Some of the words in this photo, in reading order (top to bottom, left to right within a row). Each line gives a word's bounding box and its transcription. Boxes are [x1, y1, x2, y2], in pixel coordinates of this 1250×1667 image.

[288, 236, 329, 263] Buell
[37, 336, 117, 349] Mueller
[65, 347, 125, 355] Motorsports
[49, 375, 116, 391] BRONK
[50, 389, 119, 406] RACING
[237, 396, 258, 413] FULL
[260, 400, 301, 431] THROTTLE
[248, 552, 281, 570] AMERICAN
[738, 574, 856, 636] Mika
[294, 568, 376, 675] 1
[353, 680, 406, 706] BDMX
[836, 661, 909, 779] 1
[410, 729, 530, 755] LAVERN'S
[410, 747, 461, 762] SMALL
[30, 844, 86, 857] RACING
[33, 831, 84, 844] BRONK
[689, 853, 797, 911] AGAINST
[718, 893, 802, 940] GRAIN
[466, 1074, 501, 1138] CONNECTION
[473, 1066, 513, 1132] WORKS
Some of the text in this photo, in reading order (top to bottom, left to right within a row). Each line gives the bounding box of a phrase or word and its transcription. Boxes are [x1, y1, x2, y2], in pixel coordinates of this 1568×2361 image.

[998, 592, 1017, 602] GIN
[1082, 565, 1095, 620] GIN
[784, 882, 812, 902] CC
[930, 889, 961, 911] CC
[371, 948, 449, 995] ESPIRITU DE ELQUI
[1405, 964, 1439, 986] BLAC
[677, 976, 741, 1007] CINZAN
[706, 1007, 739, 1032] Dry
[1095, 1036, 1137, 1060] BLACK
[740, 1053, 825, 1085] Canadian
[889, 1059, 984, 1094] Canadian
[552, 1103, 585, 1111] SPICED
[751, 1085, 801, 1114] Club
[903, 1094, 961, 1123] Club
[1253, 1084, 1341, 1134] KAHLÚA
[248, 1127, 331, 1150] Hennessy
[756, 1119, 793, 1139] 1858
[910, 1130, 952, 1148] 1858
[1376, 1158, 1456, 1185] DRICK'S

----

Word for word, please return the lines from the one containing "Some of the text" through the end of the listing, both ends included, and nothing else.

** Output of the task **
Some of the text in this photo, in reading order (top to bottom, left to right within a row). Each line gives the bounding box of a phrase or word and its transcription. Boxes are [x1, y1, x2, y2], in pixel coordinates of this 1568×2361 image.

[998, 592, 1017, 602] GIN
[1082, 565, 1095, 620] GIN
[784, 882, 812, 902] CC
[930, 889, 961, 911] CC
[371, 948, 449, 995] ESPIRITU DE ELQUI
[1405, 964, 1439, 986] BLAC
[677, 976, 741, 1007] CINZAN
[706, 1007, 739, 1032] Dry
[1095, 1036, 1137, 1060] BLACK
[740, 1053, 825, 1085] Canadian
[889, 1059, 984, 1094] Canadian
[552, 1103, 585, 1111] SPICED
[751, 1085, 801, 1114] Club
[903, 1094, 961, 1123] Club
[1253, 1084, 1341, 1134] KAHLÚA
[248, 1127, 331, 1150] Hennessy
[756, 1119, 793, 1139] 1858
[910, 1130, 952, 1148] 1858
[1376, 1158, 1456, 1185] DRICK'S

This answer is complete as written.